To do that, we need to count how many negative numbers are in the list and keep track of the largest negative number (smallest positive absolute value).
If there are an even number of negative numbers, then multiplying them together will give a positive result. If there are an odd number of negative numbers, then multiplying them together will give a negative result, so we need to divide by the largest negative number to make it positive.If there are zeros in the list, then there can be three main scenarios.
First, there are positive numbers in the list. In this case, the solution will be fairly simple, and our algorithm will work.
Second, there are no positive numbers and there is just one negative number. In this case, the maximum group strength will be 0, because 0 > negative number.
Third, there are no positive numbers and odd/even negative numbers. In this case, our algorithm will work fine.
Here is the full code for this problem:
class Solution:
def maxStrength(self, nums: List[int]) -> int:
if len(nums) == 1:
return nums[0]
result = 1
negative_numbers_count = 0
largest_negative_number = min(nums)
largest_positive_number = -1
zero_in_nums = False
for i in nums:
largest_positive_number = max(largest_positive_number, i)
if i == 0:
zero_in_nums = True
continue
if i < 0:
negative_numbers_count += 1
largest_negative_number = max(largest_negative_number, i)
result *=i
# it total negative numbers are odd, resutl will be negative
# divding the largest -ve number means abs(-ve) will be the smallest postive
if negative_numbers_count % 2 == 1:
result //= largest_negative_number
# for test cases like [0,-1], [0,0,0]
if largest_positive_number == 0 and negative_numbers_count in [0,1]:
return 0
return result
The Complexity
The time complexity of this code is O(2^n), where n is the length of the list, because in the worst case, we have to explore all the subsets of the list, which are 2^n in number.

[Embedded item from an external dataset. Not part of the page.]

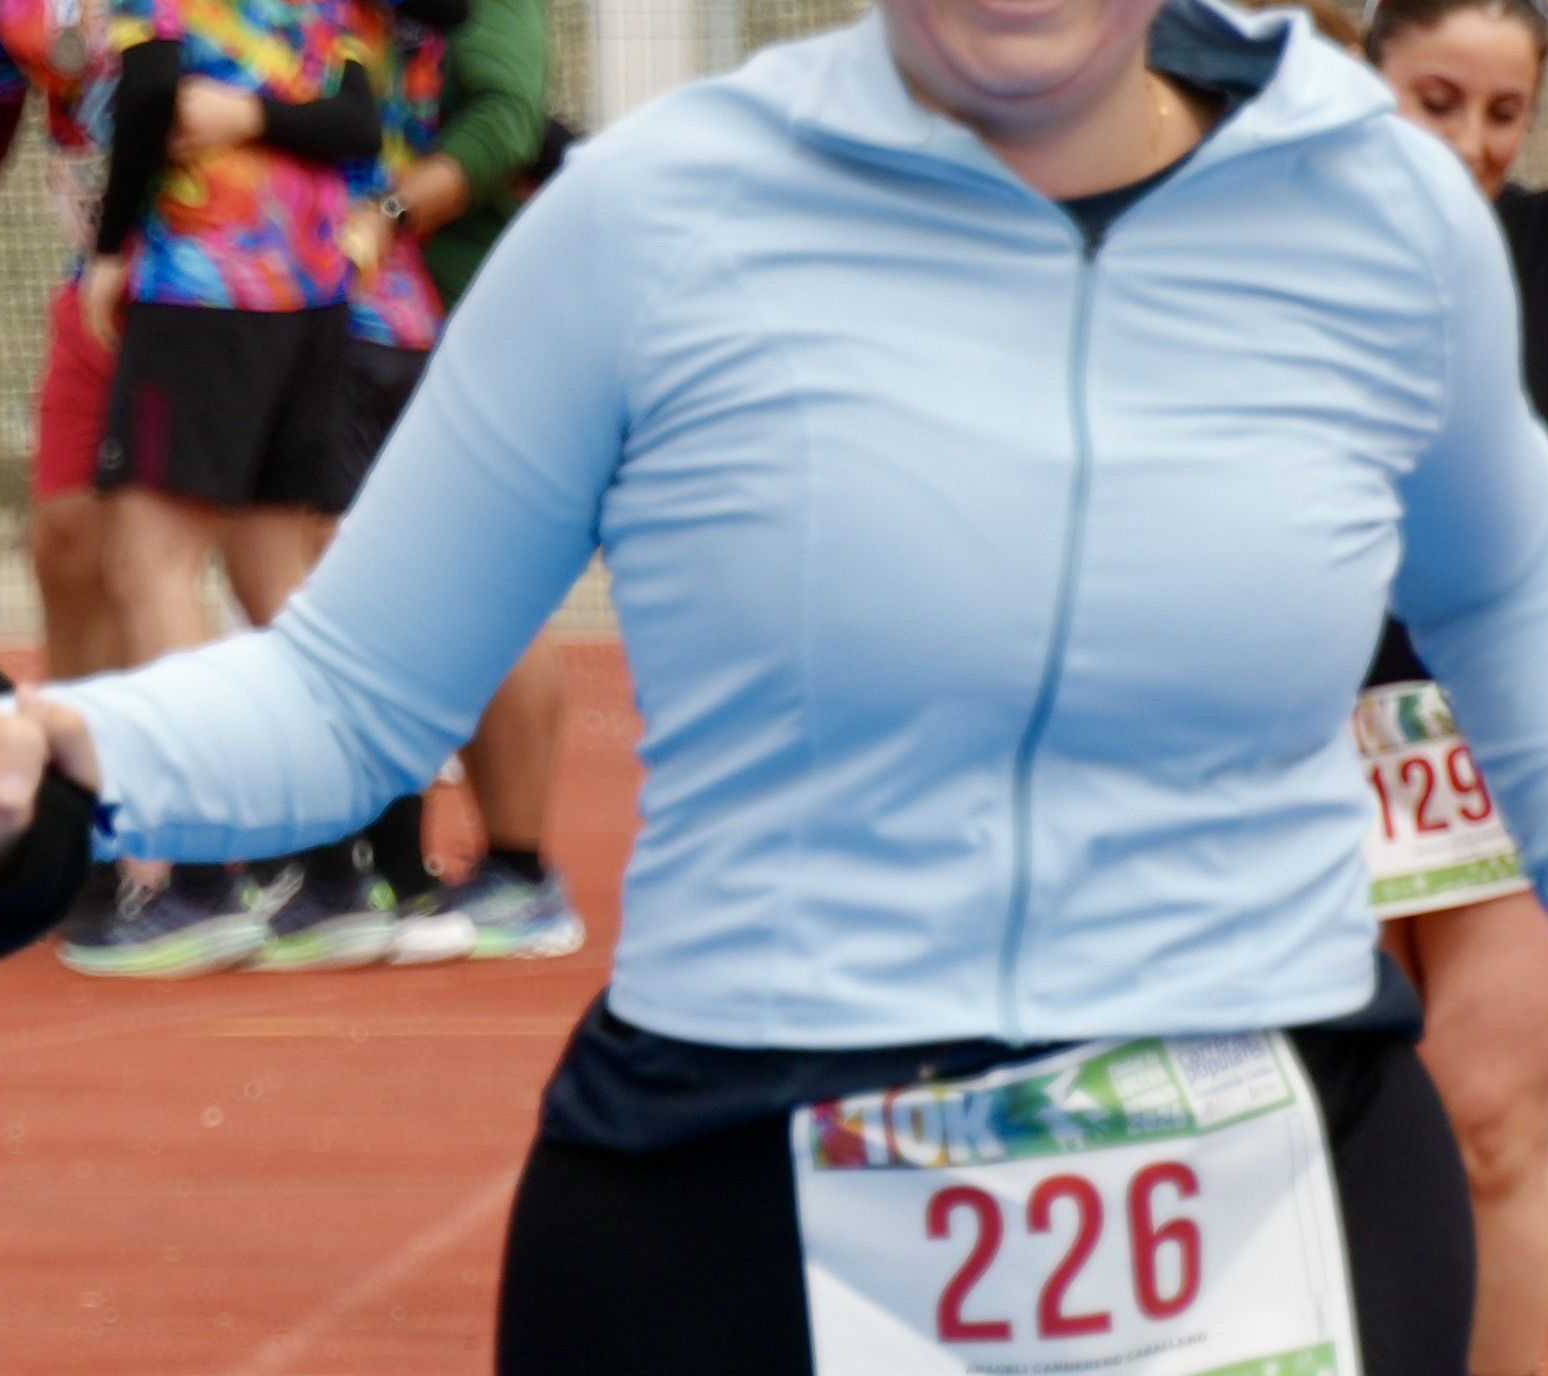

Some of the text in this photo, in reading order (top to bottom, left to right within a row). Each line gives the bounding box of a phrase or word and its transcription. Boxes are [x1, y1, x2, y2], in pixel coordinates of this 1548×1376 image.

The space complexity of this code is O(n), where n is the length of the list, because in the worst case, we have to store n recursive calls in the call stack.
The Result
Here is a screenshot of the result of running this code on Leet code:
As you can see, this solution beats 97.26% of other Python3 submissions in runtime.
Solution
The Conclusion
In this blog post, I showed you how to solve a Leet code problem that asks you to find the maximum strength of a group of numbers. I also analysed the code, got its time and space complexity, and explained the code in detail. I hope you learned something from this post and enjoyed reading it. If you have any questions or feedback, feel free to leave a comment below. Thanks for reading!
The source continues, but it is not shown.